= Robert Plowden =

English Jesuit priest

Robert Plowden (born 27 January 1740; died at Wappenbury, 27 June 1823) was an English Jesuit priest, a firm supporter of Bishop John Milner.

==Life==

He entered the Society of Jesus in 1756, and was ordained in 1763. After some years spent at Hoogstraten in Belgium, as director of Carmelite nuns, he returned to England, and was stationed at Arlington, Devon, from 1777 to 1787.

Appointed to Bristol, his work resulted in the erection of St. Joseph's Church, together with a parochial residence and schools. His activity extended to the mission of Swansea and South Wales District, of which he may be considered a principal founder.

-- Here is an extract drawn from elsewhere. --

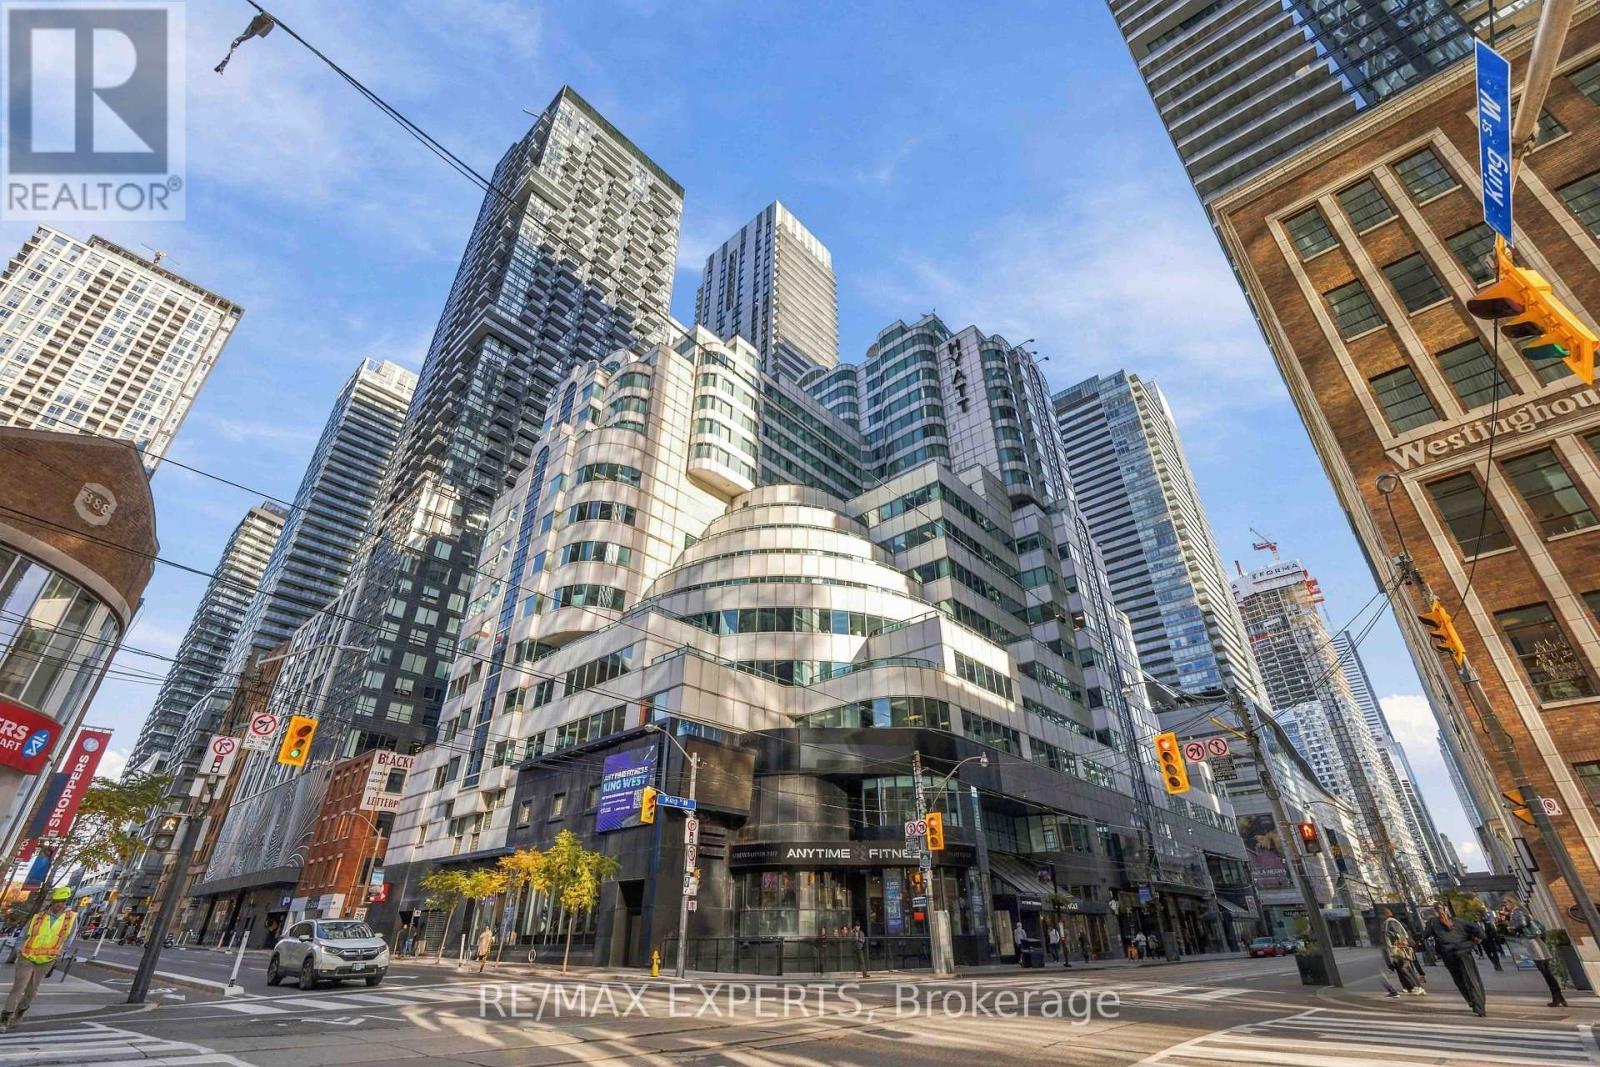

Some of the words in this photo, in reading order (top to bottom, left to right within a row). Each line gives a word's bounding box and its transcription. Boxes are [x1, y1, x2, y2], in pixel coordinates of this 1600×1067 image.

Removed from Bristol in 1815, he became chaplain to the Fitzherbert family at Swynnerton until 1820, when he retired to Wappenbury, where he died. He was a keen theologian, "a more solid divine than his brother Charles", according to Bishop Carroll.

==Works==
He translated into English: "The Elevation of the Soul to God", a spiritual treatise of Barthélemy Baudrand, a French Jesuit. This passed through several editions in England (American editions: Philadelphia, 1817, and New York, 1852).

==Family==
He was the elder brother of Charles Plowden and Francis Peter Plowden.